How big are nuclear-power reactors?

Answer 1

The reason for this question is that in March 2007 shortly after winning his Nobel prize, Al Gore testified before a U.S. Senate Committee that nuclear reactors “come in only one size – extra large.” It would appear that Al Gore was merely voicing the common misperception.

The first nuclear reactor built in the U.S. was for the Nautilus nuclear-powered submarine which was launched in 1954. All of our submarines since 1954 and all of our aircraft carriers built in the last 4 decades have been powered solely by on-board nuclear reactors.

These reactors, of course, are tiny compared to the typical land-based nuclear power reactors.
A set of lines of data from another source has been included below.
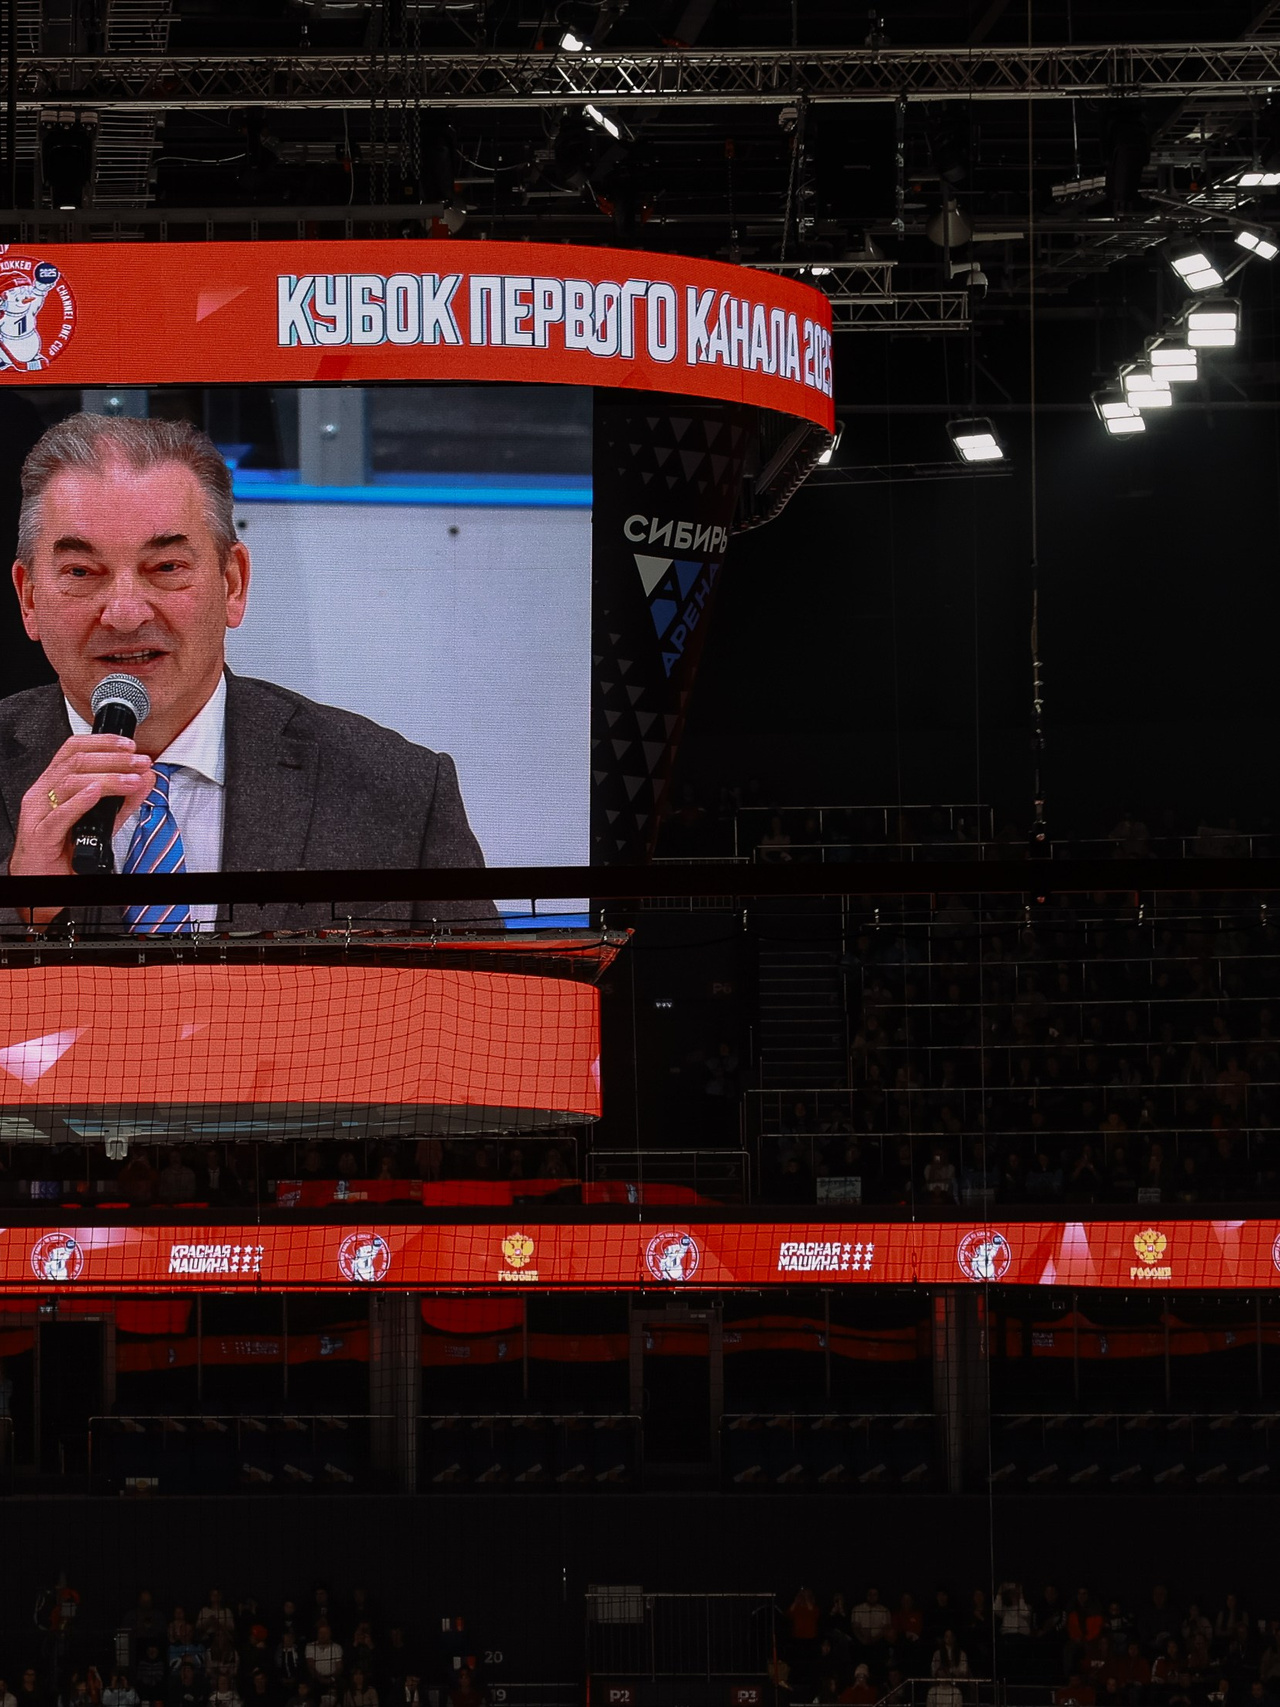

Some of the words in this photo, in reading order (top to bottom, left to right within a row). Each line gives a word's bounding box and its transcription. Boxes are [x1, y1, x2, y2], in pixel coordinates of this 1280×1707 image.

[56, 284, 75, 320] CHANNEL
[58, 323, 72, 341] ONE
[277, 273, 463, 347] КУБОК
[469, 274, 678, 363] ПЕРВОГО
[686, 285, 802, 383] КАНАЛА
[48, 340, 64, 356] CUP
[623, 514, 728, 554] СИБИРЬ
[661, 563, 720, 679] АРЕНА
[76, 838, 98, 846] MIC
[170, 1245, 232, 1258] КРАСНАЯ
[780, 1242, 841, 1256] КРАСНАЯ
[168, 1258, 229, 1273] МАШИНА
[777, 1256, 839, 1271] МАШИНА
[484, 1650, 503, 1663] 20
[609, 1690, 630, 1702] P2
[738, 1690, 758, 1702] P3
The reason, of course, is that large reactors are more economical, but U.S. Naval submarines and aircraft carriers do not have the option of using larger reactors.
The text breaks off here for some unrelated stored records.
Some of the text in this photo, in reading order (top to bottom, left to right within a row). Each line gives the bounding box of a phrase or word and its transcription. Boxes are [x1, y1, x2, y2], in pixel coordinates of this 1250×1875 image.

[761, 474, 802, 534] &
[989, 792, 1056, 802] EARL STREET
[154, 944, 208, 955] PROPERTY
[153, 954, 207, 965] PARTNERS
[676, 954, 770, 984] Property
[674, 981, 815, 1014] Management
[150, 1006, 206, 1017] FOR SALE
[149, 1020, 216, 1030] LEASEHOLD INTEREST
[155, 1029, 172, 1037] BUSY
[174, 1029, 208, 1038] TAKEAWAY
Incidentally, you might be amused to know that virtually all land-based nuclear power plants are staffed by retired U.S. Navy nuclear-power personnel.

Question 2

How much fuel is required for a nuclear-power reactor?

Answer 2

A 1,000 megawatt coal-fired electrical-generating plant requires 110 railroad cars of coal EVERY DAY.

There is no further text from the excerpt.